> **What to produce**: Return all of the data exactly, with nothing left out but the pictures.

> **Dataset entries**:

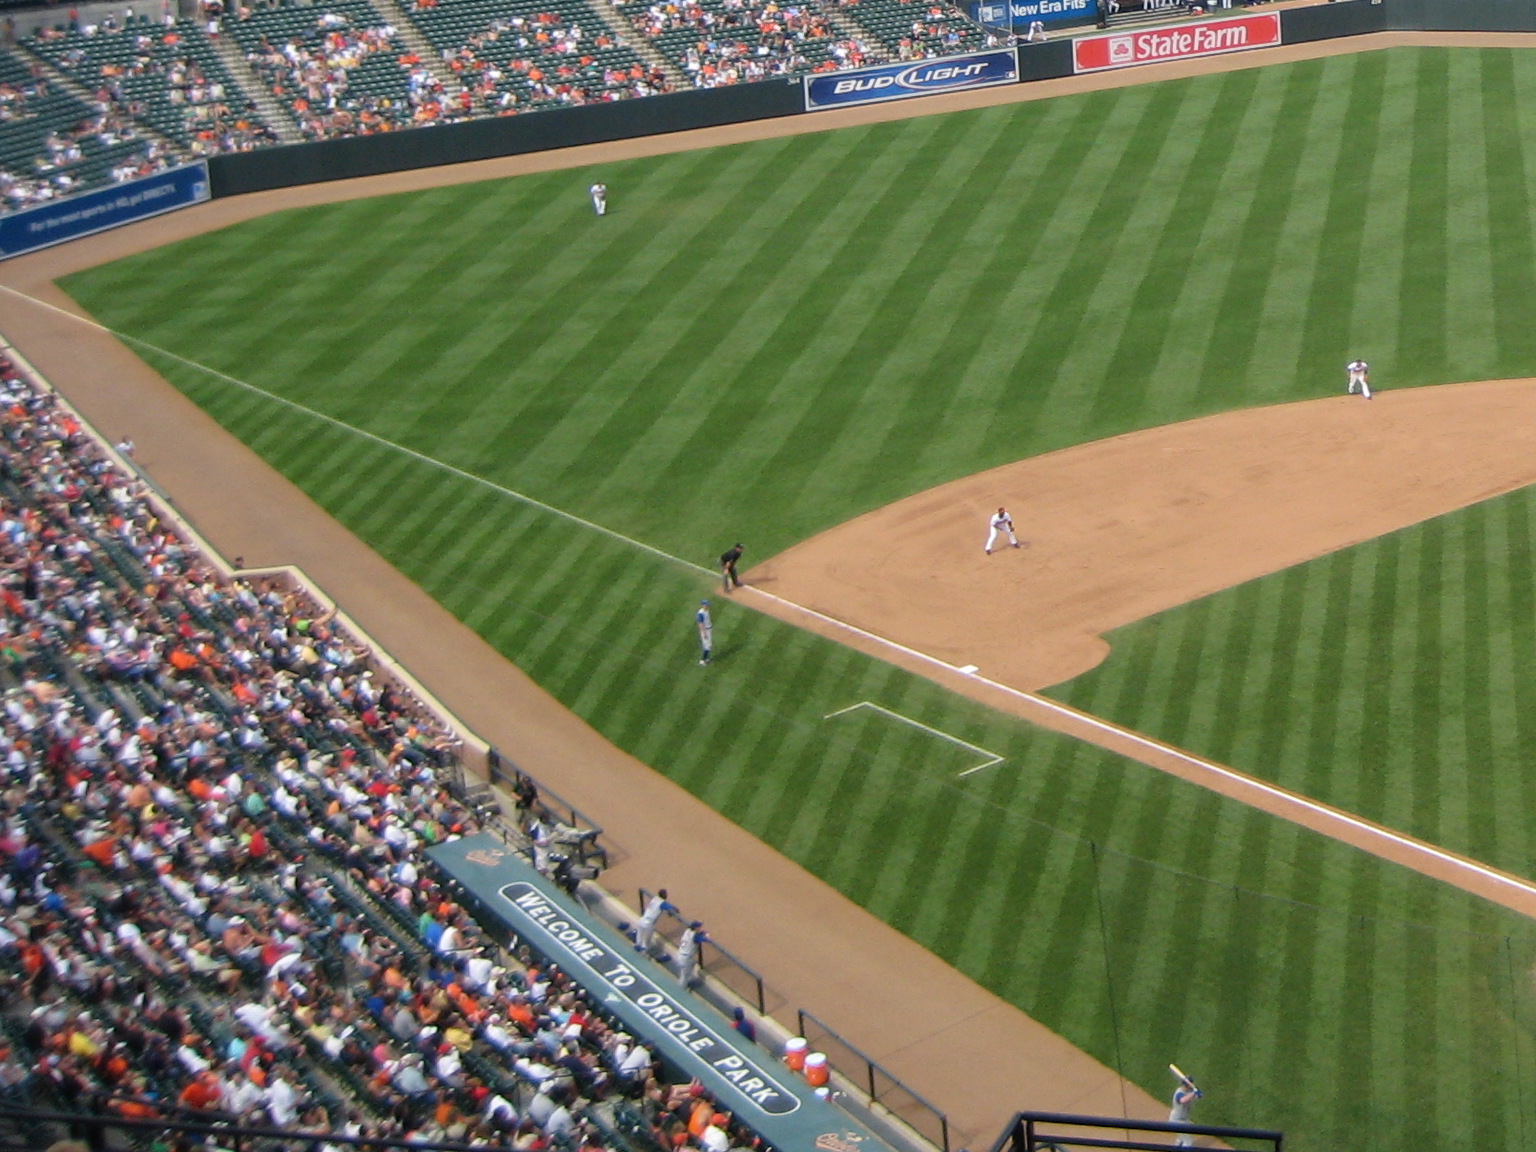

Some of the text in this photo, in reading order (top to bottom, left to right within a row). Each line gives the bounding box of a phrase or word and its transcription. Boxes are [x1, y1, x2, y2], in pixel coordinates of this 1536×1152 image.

[1010, 4, 1038, 17] New
[1040, 1, 1061, 14] Era
[834, 63, 988, 94] BUD LIGHT
[515, 892, 779, 1103] WELCOME TO ORIOLE PARK
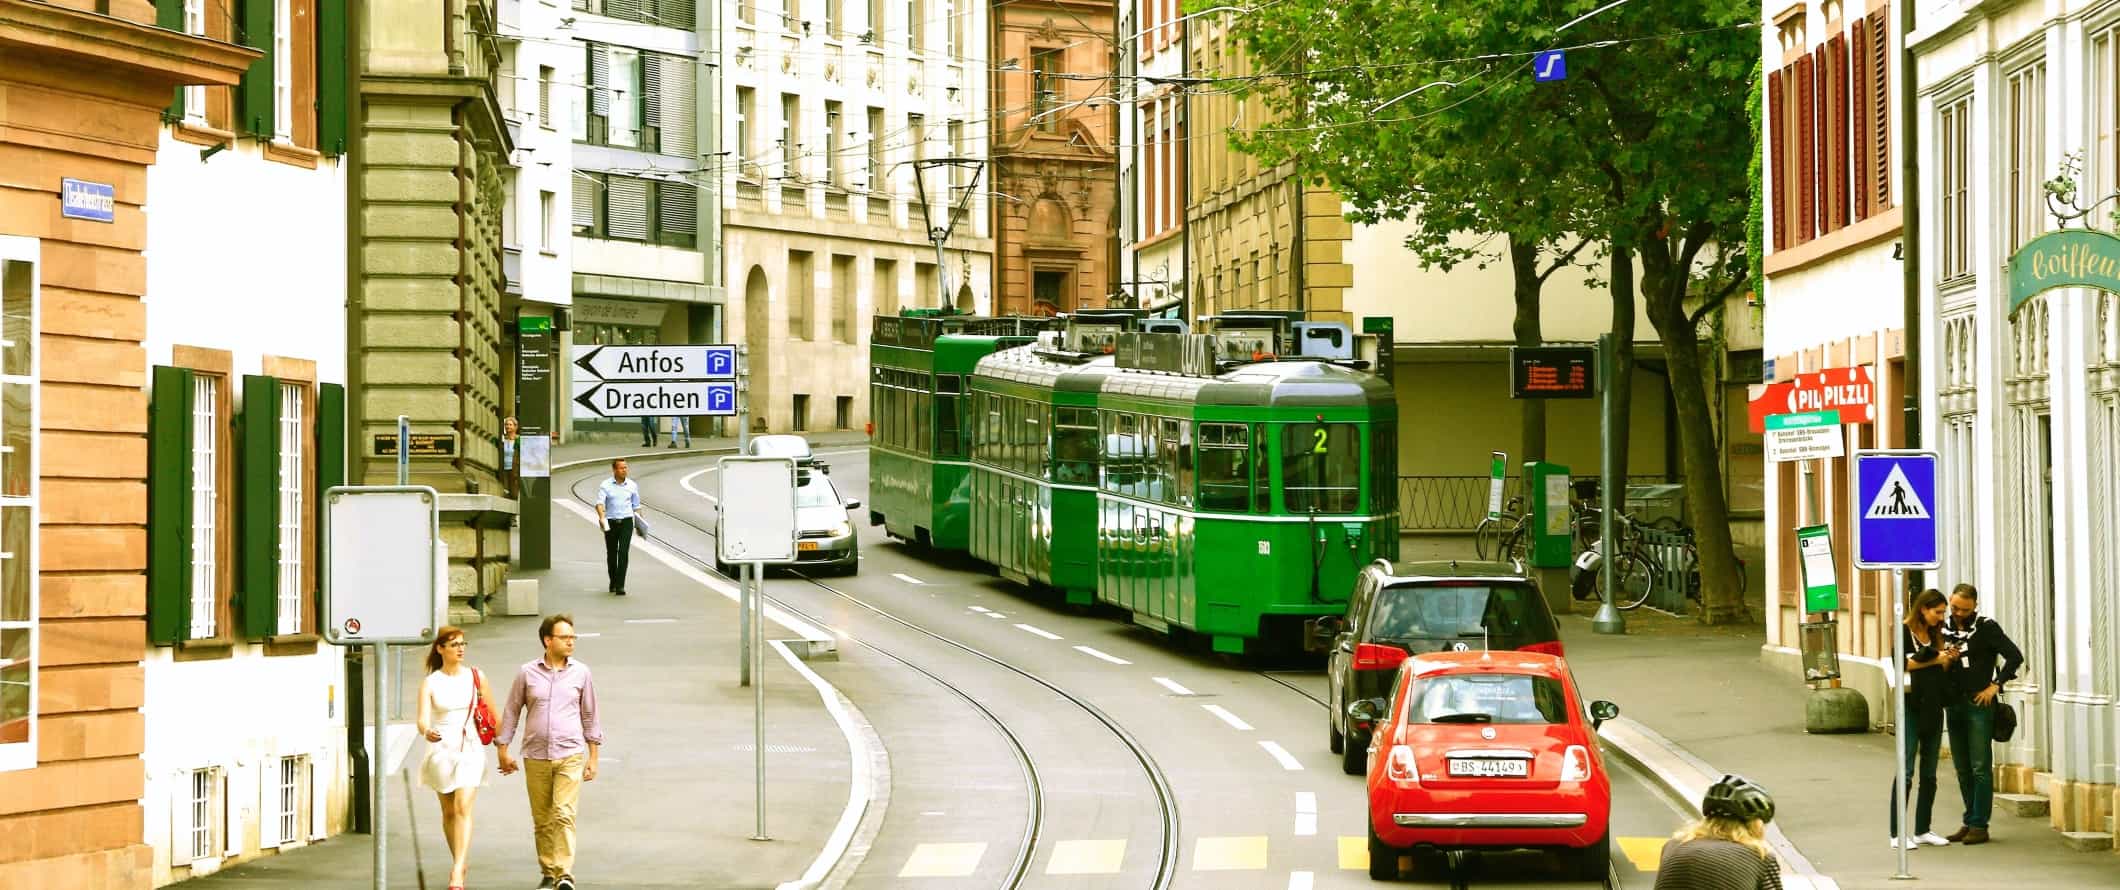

> **Exercise result**:
Some of the text in this photo, in reading order (top to bottom, left to right within a row). Each line gives the bounding box of a phrase or word and its transcription. Boxes are [x1, y1, x2, y2], in pixel coordinates of this 1536×1152 image.

[1010, 4, 1038, 17] New
[1040, 1, 1061, 14] Era
[834, 63, 988, 94] BUD LIGHT
[515, 892, 779, 1103] WELCOME TO ORIOLE PARK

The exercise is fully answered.